まず初めに目に付いたのは『炎精のペンダント』。効果も名前から察せられるように炎の魔法を強化するもので、俺は魔法なんか使えないし、とすぐさま他の2つに目を向ける。
「……きたきたきた!!」
祭壇に浮かんでいたのは、パッと見では盾と鎧だった。今俺が最も欲していると言っても過言ではない2つに、テンションが上がり、すぐに石版に書かれた説明を読む。
『青銅の小盾』
レア度:コモン 値段:1 シルバーコイン 42 カッパーコイン
[青銅で作られた小盾。打ち傷が目立つが、防具としては問題無い。]
『鉄縁の革鎧』
レア度:アンコモン 値段:3シルバーコイン 60カッパーコイン
[革鎧の要所に鉄板を縫い付けて補強した品。軽さと防御力を兼ね備える。]
「こういうのだよ……!」
魔力を帯びてるとか、術の安定を助けるとかよく分かんない効果のアイテムより、こういう実直に物理でなんとかしますって感じのが今欲しいんだよ!
「2つ買うとして……合計で約5シルバーコイン」
少し青銅の小盾が高い気もするけど、多少割高でも自分のやりたい事、自分に必要な事の前では些細な問題だ。
「貯金いくらだっけな」
惣菜パンを水で流し込み、ATMへ走る。
画面をピピピと操作して、現在の預金残高を確認し……膝から崩れ落ちる。
「た、足らない……全然足らない……」
今俺が探索している【淵樹の密林:第2階層】での平均的な稼ぎは大体1シルバーコインと10~30カッパーコイン。
主な支出である1日の食費が50カッパーコイン前後。
そしてモンスターとの戦闘は、どうしても怪我をしてしまう時が来る性質上、回復ポーションも必要になる。

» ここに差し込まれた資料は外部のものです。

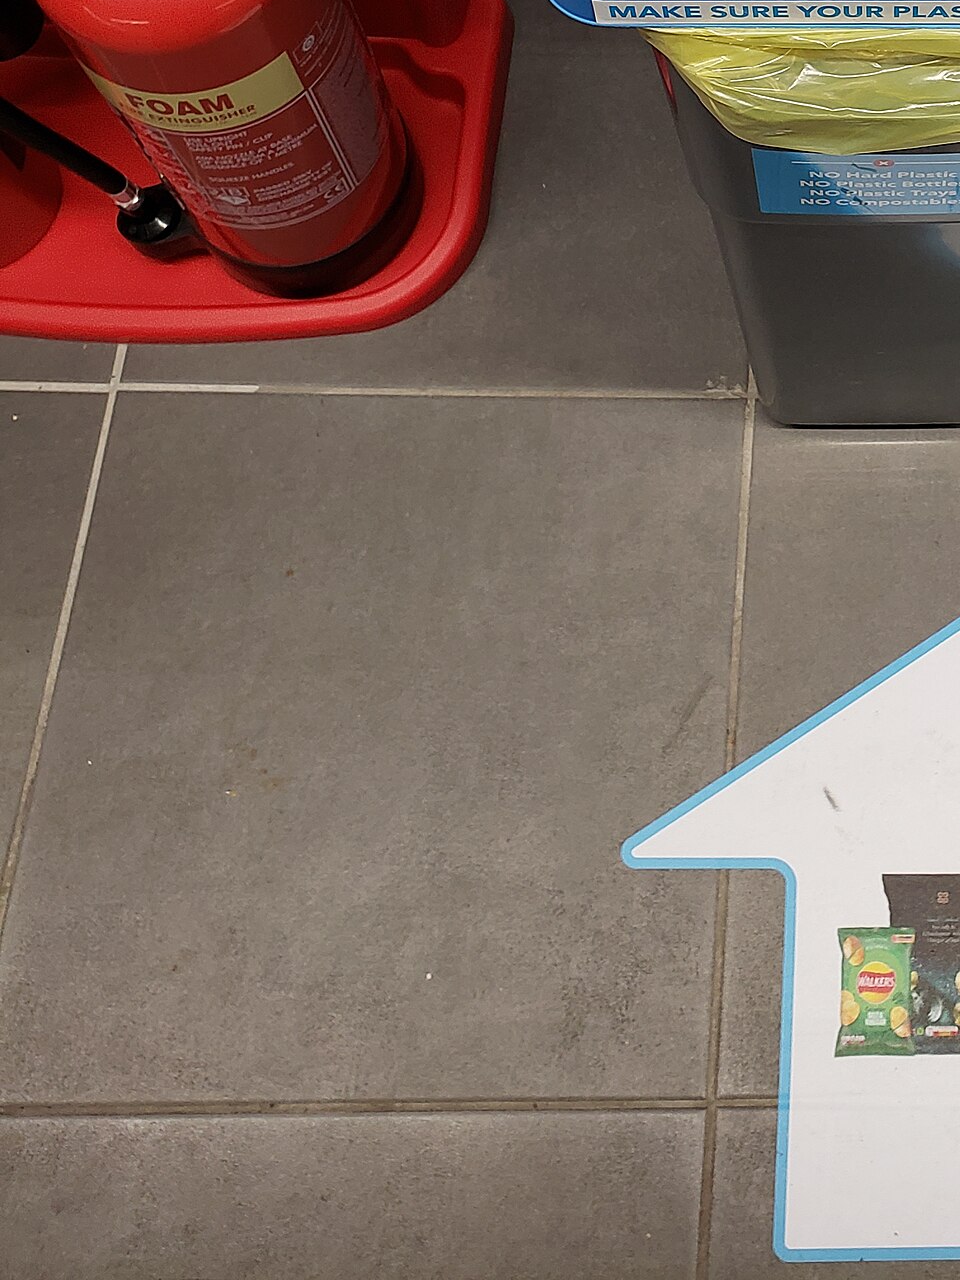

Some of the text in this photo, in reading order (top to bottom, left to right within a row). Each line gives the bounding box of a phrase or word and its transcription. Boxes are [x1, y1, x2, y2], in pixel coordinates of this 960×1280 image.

宝箱から手に入れた『低級回復ポーション:中量』もすぐに飲みきってしまい、つい先日売店から『低級回復ポーション:少量』を買ってしまった。
そんなこんなで消費が嵩み……現在の預金残高2シルバーコインと76カッパーコイン。
「2シルバーと24カッパーコイン足りない……」
しかもプラスで生活に困らない程度のお金も残しておかないといけない。
という事は多めに見積って……3シルバーコインも稼がなければいけない。
「……じ、時間はある」
幸い、目玉商品の内容が切り替わったのはついさっきだ。だからタイムリミットまであと約24時間ある。頑張れば3シルバーコインぐらいなら1日で稼げる……かせ……
「稼げるかなぁ?」
いつもの2倍は頑張らないといけないと考えると少し不安が残る。
沢山稼ぐという事は、トラウマをバシバシと刺激してくる、モンスターの大量虐殺を起こすっていうことでもあるし。

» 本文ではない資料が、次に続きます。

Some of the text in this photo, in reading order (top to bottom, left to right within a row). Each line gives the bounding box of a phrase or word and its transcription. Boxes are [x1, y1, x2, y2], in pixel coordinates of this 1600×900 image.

「さっさと乗り越えろって言われたら何も言えないんだけど」
……と、とりあえず今買える青銅の小盾は買ってしまおう。
盾があるかないかで、戦いやすさも変わる。戦いやすさが変わるなら稼ぎも変わる。攻撃を防げるって事は回復ポーションの消費量も減る……良い事づくめなのだから、先に買っておいて損は無い。

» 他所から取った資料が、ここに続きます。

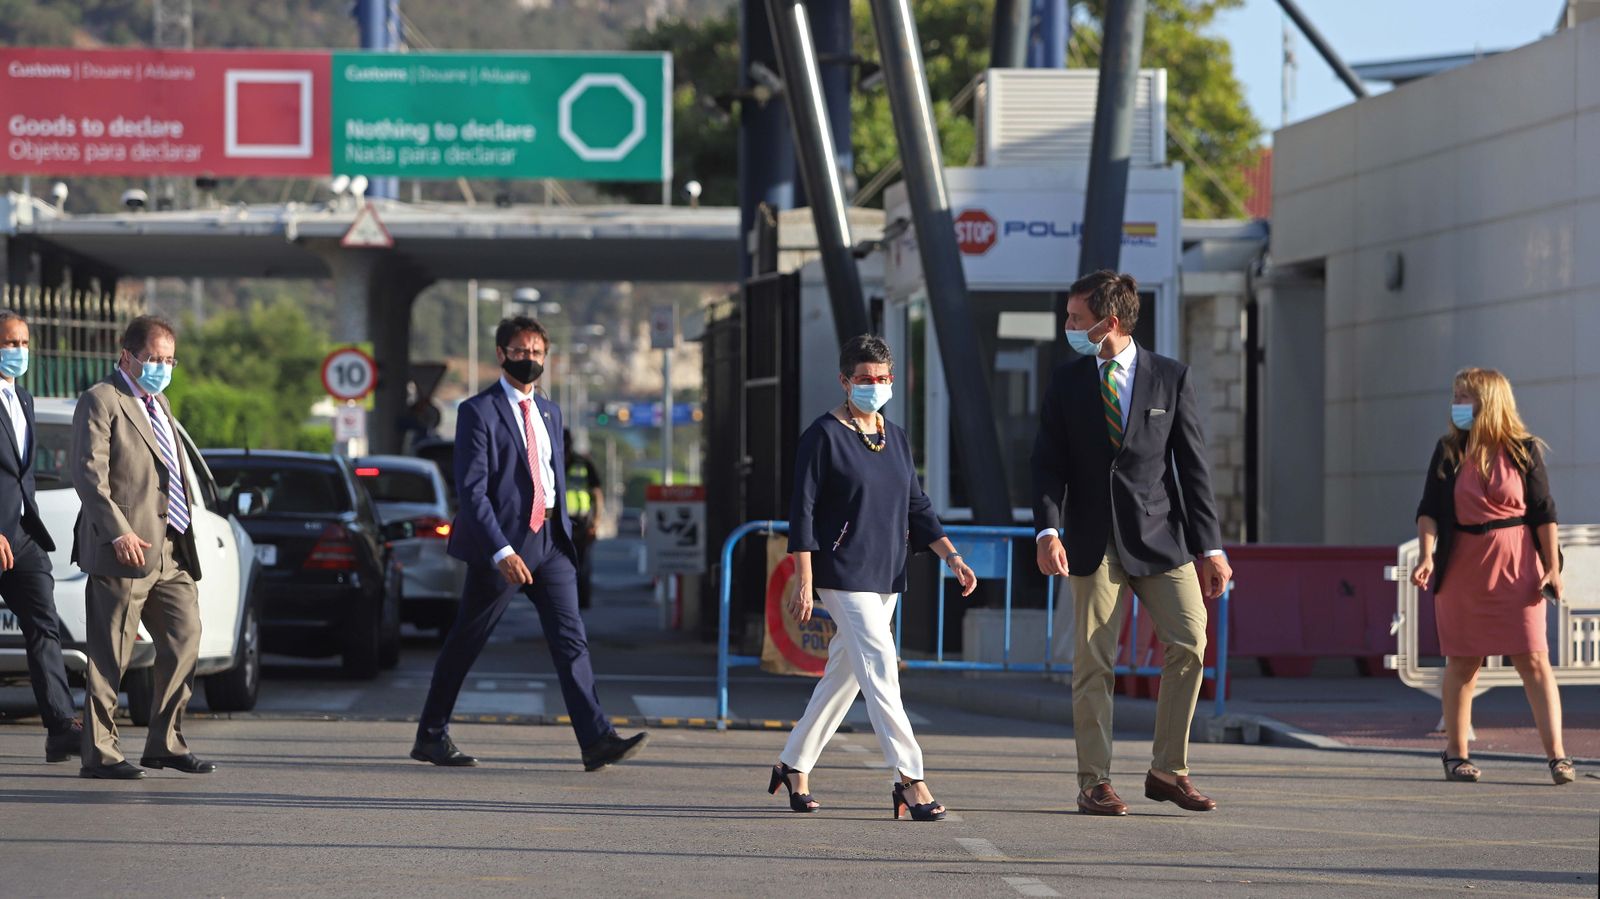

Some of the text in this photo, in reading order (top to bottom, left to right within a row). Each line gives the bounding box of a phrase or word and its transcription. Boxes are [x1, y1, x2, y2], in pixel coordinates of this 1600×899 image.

[9, 61, 195, 80] Customs Douane Aduana
[345, 65, 531, 84] Customs Douane Aduana
[9, 115, 184, 138] Goods to declare
[345, 119, 536, 145] Nothing to declare
[9, 138, 203, 165] Objetos para declarar
[345, 144, 518, 168] Nada para declarar
[954, 221, 994, 243] STOP
[1004, 221, 1085, 238] POLI
[334, 361, 367, 388] 10

青銅の小盾が浮いている祭壇の石版を取り外し、売店のレジで読み込む。
ATMの預金残高からの支払いを選択すれば……
「おおー」
盾がいつの間にかレジのカウンターに置かれていた。
丸い形の小さな盾は、青銅という名の通り若干青みがかった色をしている。
石版にも書いてあったように、打ち傷によって装飾や表面が欠けていたり潰れているが……盾として十分に機能はするだろう。
「ベルトを腕に巻いて固定して、取っ手を握るって感じで使うのか」
小盾と言っても金属の塊である事に変わりはなく、ずしりと手に重みを感じる。
腕に固定するためのベルトが無かったら扱いづらくて仕方なかっただろうな。
「……よし、鎧も買うためにも早速探索に出よう!」
【淵樹の密林:第3階層】への看板も運悪く見つけられてないし、今日はダンジョンの地形の更新日でもある。
もしかしたら宝箱が出現している可能性だってゼロではないし……今日はとことん隅々まで探索をしよう。